Easy enough to memorize, easy enough to test, and another child finishes her years of formal schooling missing out on the beauty around her.

(I think I borrowed this from Jessica Pierce.)


This is terribly sad.

No, not missing the beauty of knowing the flow of particles from her cells to plants then back to her again. Grasping that requires a little bit more chemistry (and madness) than most sophomores can muster.

I keep slugs in my classroom--not sure they fit in the curriculum.

The real sin is this--our children sit in rooms studying science as catechism, because we test science as catechism, and outside, just a few feet away from her classroom window, the thing we call "tree" sits unnoticed as it creeps its way towards the sun.
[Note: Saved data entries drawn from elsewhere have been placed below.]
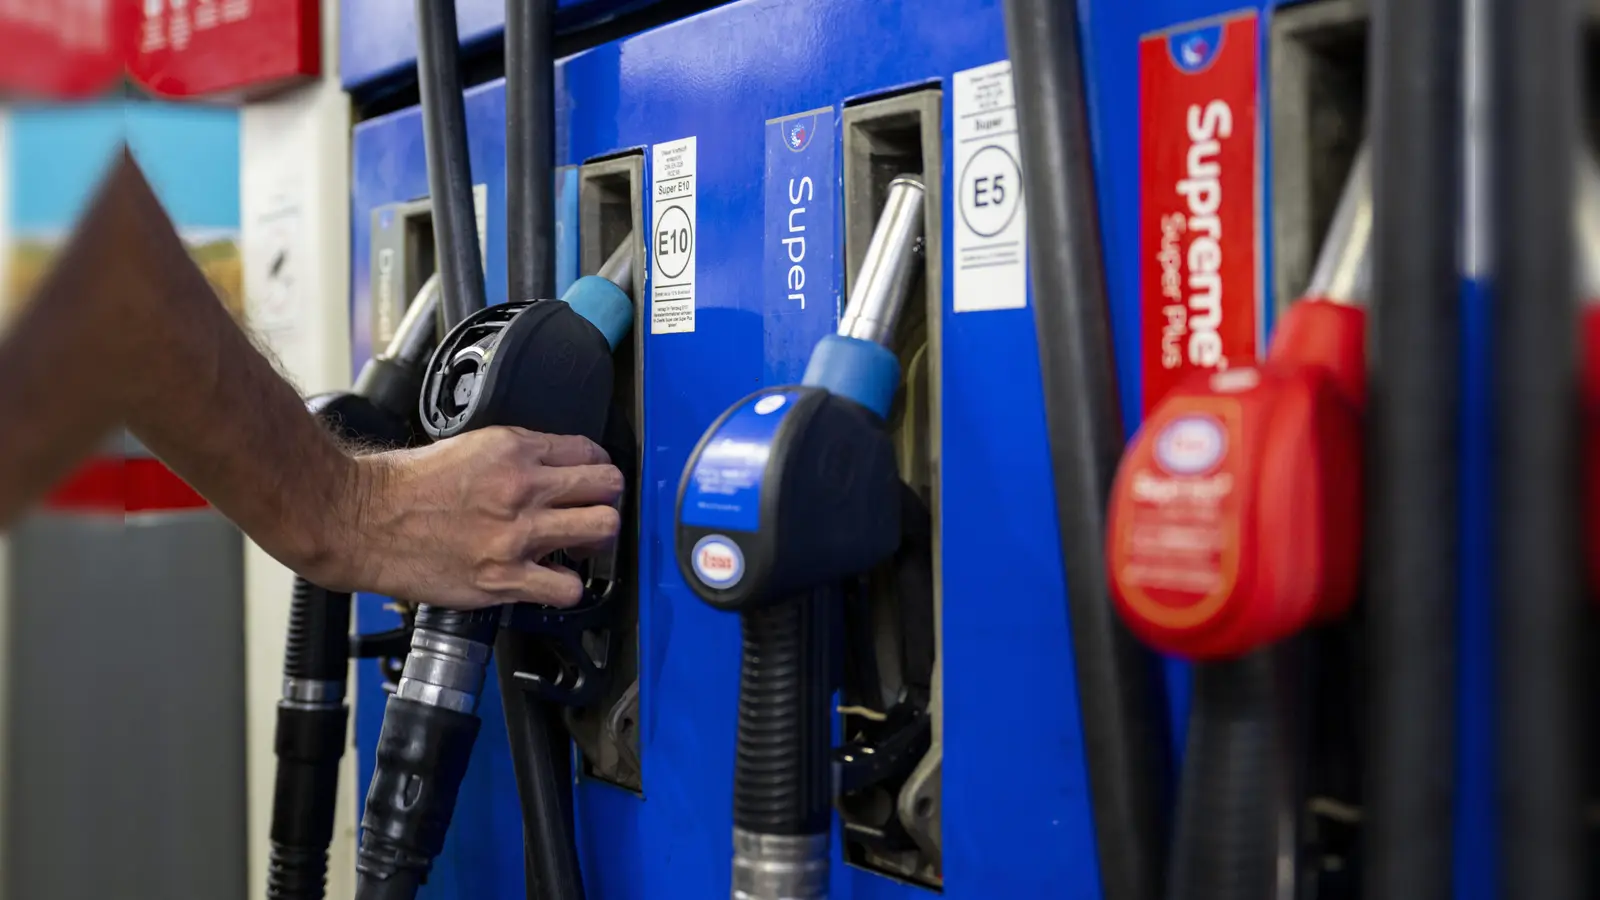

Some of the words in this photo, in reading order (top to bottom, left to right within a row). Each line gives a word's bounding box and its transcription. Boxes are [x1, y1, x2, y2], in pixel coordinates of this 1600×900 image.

[658, 184, 677, 196] Super
[678, 180, 690, 192] E10
[974, 174, 1005, 208] E5
[658, 227, 688, 256] E10
[782, 176, 813, 310] Super
[1156, 212, 1187, 302] Super
[1175, 99, 1233, 367] Supreme
[1162, 305, 1187, 369] Plus
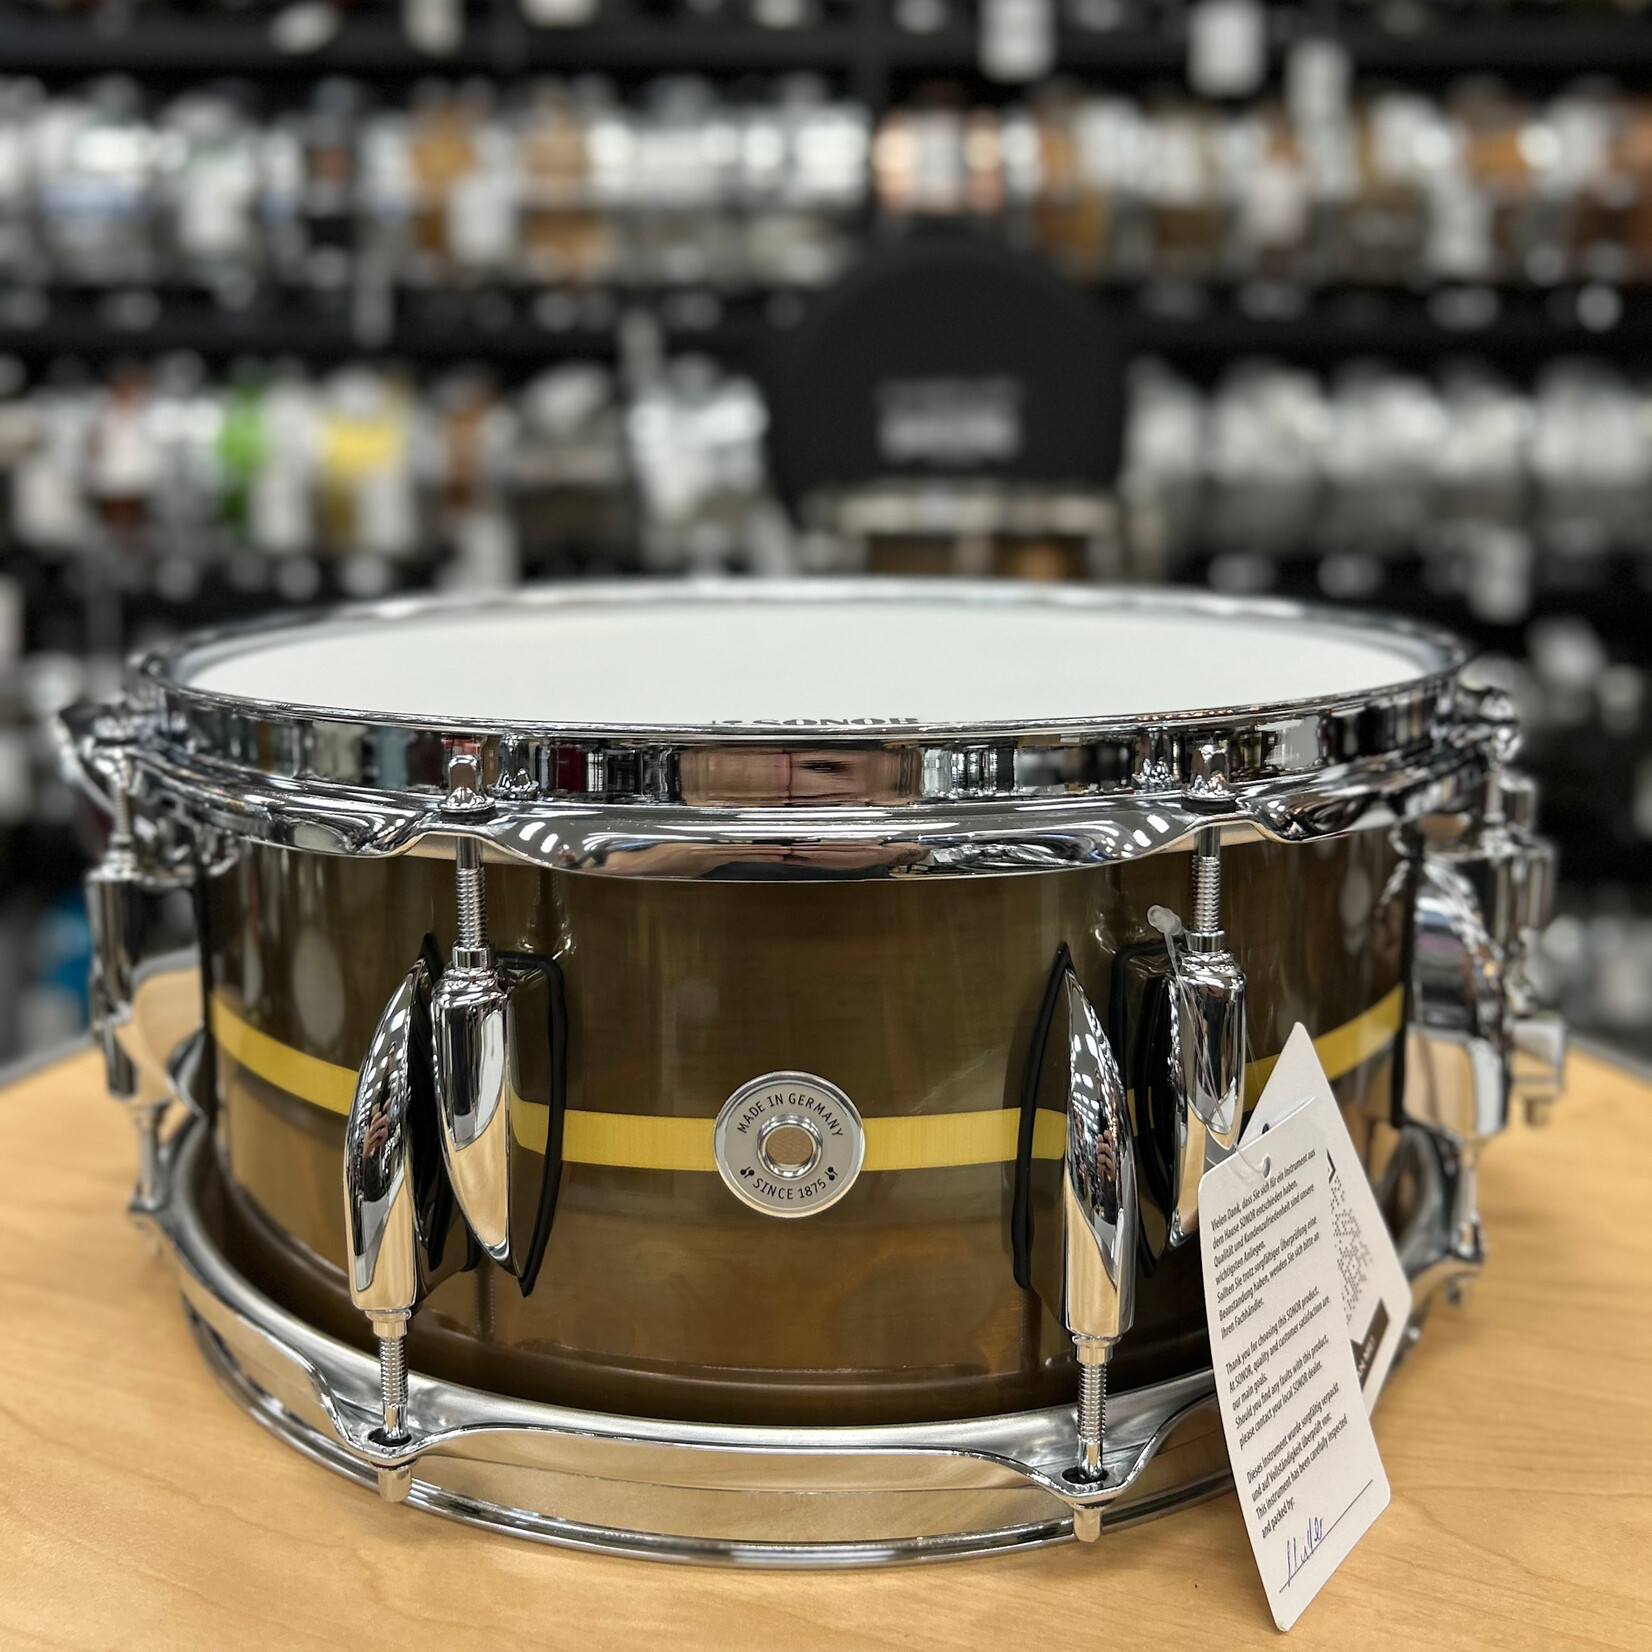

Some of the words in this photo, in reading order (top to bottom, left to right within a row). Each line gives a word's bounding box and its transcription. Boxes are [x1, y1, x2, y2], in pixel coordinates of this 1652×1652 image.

[737, 1100, 766, 1134] MADE
[766, 1093, 784, 1107] IN
[788, 1093, 844, 1137] GERMANY
[753, 1179, 793, 1200] SINCE
[798, 1179, 827, 1199] 1875
[1211, 1214, 1227, 1232] Vielen
[1228, 1203, 1242, 1220] Dank,
[1242, 1195, 1253, 1210] dass
[1261, 1180, 1270, 1196] sich
[1284, 1154, 1308, 1178] Instrument
[1308, 1149, 1316, 1160] aus
[1213, 1235, 1224, 1250] dem
[1224, 1224, 1240, 1241] Hause
[1240, 1209, 1256, 1230] SONOR
[1256, 1191, 1283, 1217] entschieden
[1283, 1180, 1298, 1196] haben.
[1214, 1245, 1234, 1268] Qualität
[1234, 1236, 1244, 1252] und
[1244, 1202, 1290, 1244] Kundenzufriedenheit
[1291, 1192, 1300, 1208] sind
[1300, 1184, 1314, 1201] unsere
[1216, 1257, 1244, 1285] wichtigsten
[1244, 1241, 1266, 1264] Anliegen.
[1217, 1284, 1235, 1304] Sollten
[1243, 1267, 1255, 1283] trotz
[1255, 1246, 1280, 1273] sorgfältiger
[1280, 1225, 1308, 1252] Überprüfung
[1308, 1216, 1317, 1230] eine
[1220, 1288, 1254, 1321] Beanstandung
[1253, 1275, 1270, 1293] haben,
[1269, 1259, 1288, 1279] wenden
[1287, 1252, 1295, 1265] Sie
[1295, 1244, 1304, 1258] sich
[1303, 1237, 1314, 1251] bitte
[1314, 1232, 1320, 1242] an
[1221, 1322, 1235, 1340] Ihren
[1235, 1298, 1264, 1328] Fachhändler.
[1226, 1354, 1242, 1375] Thank
[1241, 1348, 1251, 1365] you
[1250, 1341, 1258, 1354] for
[1258, 1323, 1278, 1347] choosing
[1278, 1314, 1288, 1329] this
[1286, 1300, 1302, 1321] SONOR
[1302, 1286, 1319, 1310] product.
[1230, 1381, 1236, 1394] At
[1235, 1364, 1254, 1388] SONOR,
[1254, 1351, 1270, 1373] quality
[1270, 1339, 1279, 1356] and
[1279, 1324, 1299, 1348] customer
[1299, 1302, 1322, 1330] satisfaction
[1233, 1397, 1241, 1411] our
[1241, 1386, 1254, 1403] main
[1254, 1373, 1268, 1394] goals.
[1236, 1405, 1253, 1430] Should
[1252, 1399, 1262, 1416] you
[1261, 1387, 1272, 1404] find
[1272, 1381, 1280, 1395] any
[1280, 1368, 1293, 1387] faults
[1292, 1357, 1304, 1374] with
[1303, 1350, 1312, 1365] this
[1311, 1334, 1329, 1359] product,
[1240, 1427, 1255, 1450] please
[1255, 1408, 1273, 1432] contact
[1272, 1399, 1282, 1419] your
[1282, 1386, 1294, 1405] local
[1293, 1372, 1308, 1394] SONOR
[1308, 1361, 1323, 1380] dealer.
[1247, 1463, 1263, 1484] Dieses
[1262, 1436, 1288, 1468] Instrument
[1288, 1422, 1302, 1442] wurde
[1301, 1402, 1322, 1428] sorgfältig
[1322, 1382, 1339, 1406] verpackt
[1252, 1483, 1262, 1502] und
[1262, 1473, 1270, 1492] auf
[1269, 1442, 1303, 1482] Vollständigkeit
[1302, 1420, 1323, 1448] überprüft
[1322, 1412, 1332, 1427] von:
[1256, 1500, 1267, 1520] This
[1266, 1472, 1292, 1510] instrument
[1290, 1463, 1300, 1484] has
[1298, 1456, 1311, 1474] been
[1310, 1436, 1328, 1461] carefully
[1327, 1414, 1348, 1442] inspected
[1262, 1520, 1272, 1539] and
[1271, 1500, 1288, 1531] packed
[1286, 1497, 1295, 1511] by:
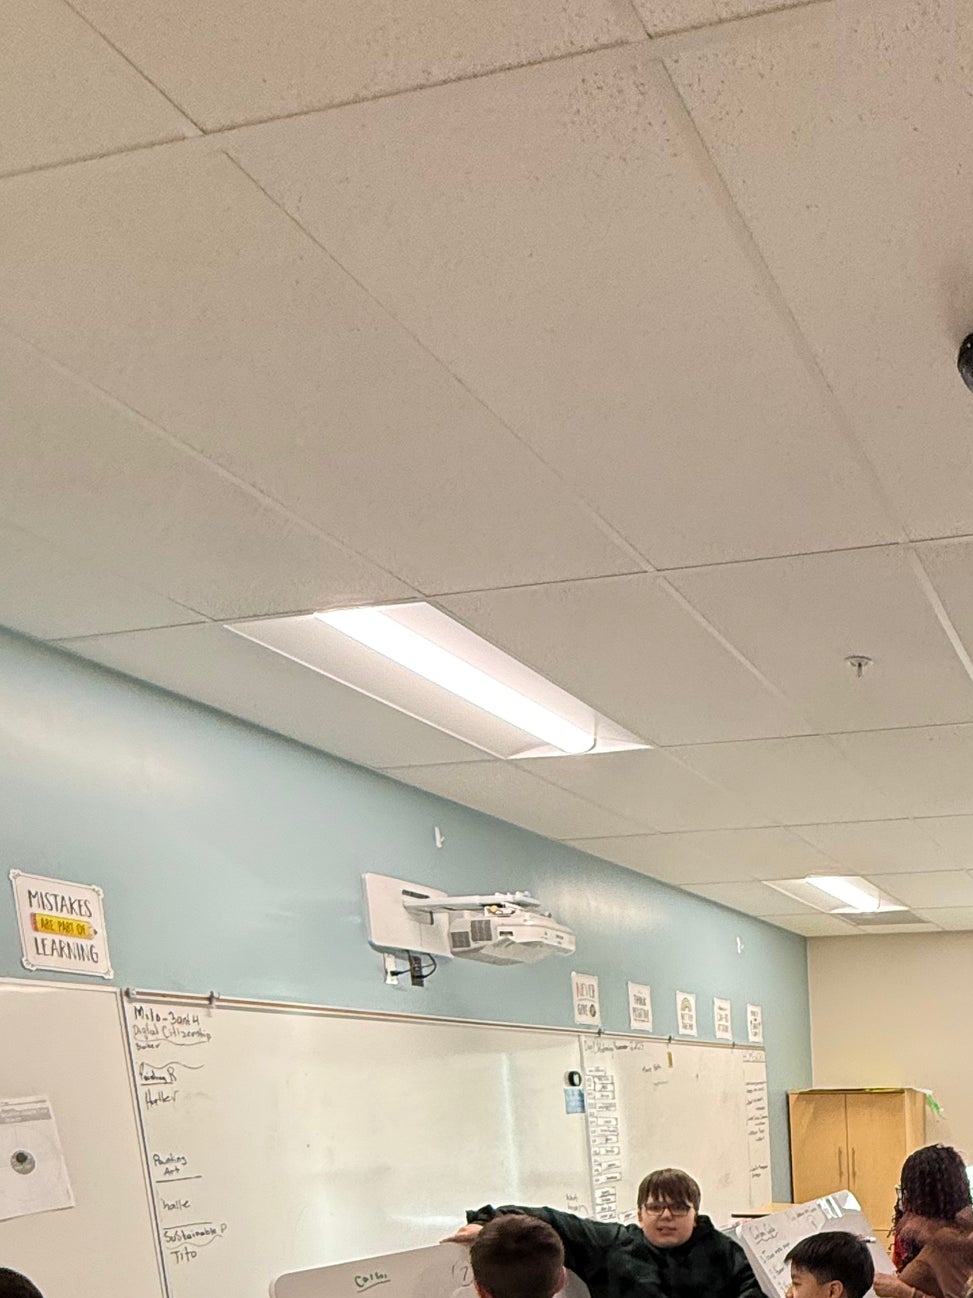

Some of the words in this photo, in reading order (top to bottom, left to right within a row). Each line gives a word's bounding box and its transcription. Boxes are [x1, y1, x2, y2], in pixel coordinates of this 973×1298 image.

One day I took my students outside, told them to find a tree, and describe it in their science notebooks.
That may have been the most important thing I've done for that class all year.

4 comments:

hOMESCHOOLING 2020 COVID-19 said...

One day I took my students outside, told them to find a tree, and describe it in their science notebooks.
That may have been the most important thing I've done for that class all year

Amen.

Anonymous said...

I hate it when teachers teach science as a list of terms to memorize. Yes, students need to know the vocabulary, but science is so much more than that! It would be like learning Spanish by memorizing all of the vocabulary but never having a conversation with anyone, or reading a book in Spanish, or watching a movie in Spanish. Learning science by memorization is just as soulless.

Anonymous said...

I overheard one of the elementary school age patients at my job reciting all the meteorology terms she had to remember for a test:
Barometer, cumulus clouds, thermometer, stratus clouds, anemometer and, on and on.
I couldn't help wonder if she has had the opportunity to stare at the sky on a cold gray day when low clouds seem to cover everything, then perhaps a few months later on a hot day stare up at the same sky and notice there seem to only be a few wispy white clouds hanging about.
Heck, I wonder if she gets to spend much time outside at all.

doyle said...

Dear Malcolm,

I really no longer know what else to do--the more I realize what this requires, the more I realize that we're doing it wrong....


Dear kguhin,

"Soulless" is an interesting word choice, and, I think, the right one. I love the language analogy. Why else learn Spanish?



Dear sehauser,

Our children are losing the sky, the stars, the clouds, the smell of geosmin, the flutter of wings.

I worry I am contributing to this. I need to remember why I got into this business.....

Thanks, everyone, for your words. January is a tough time.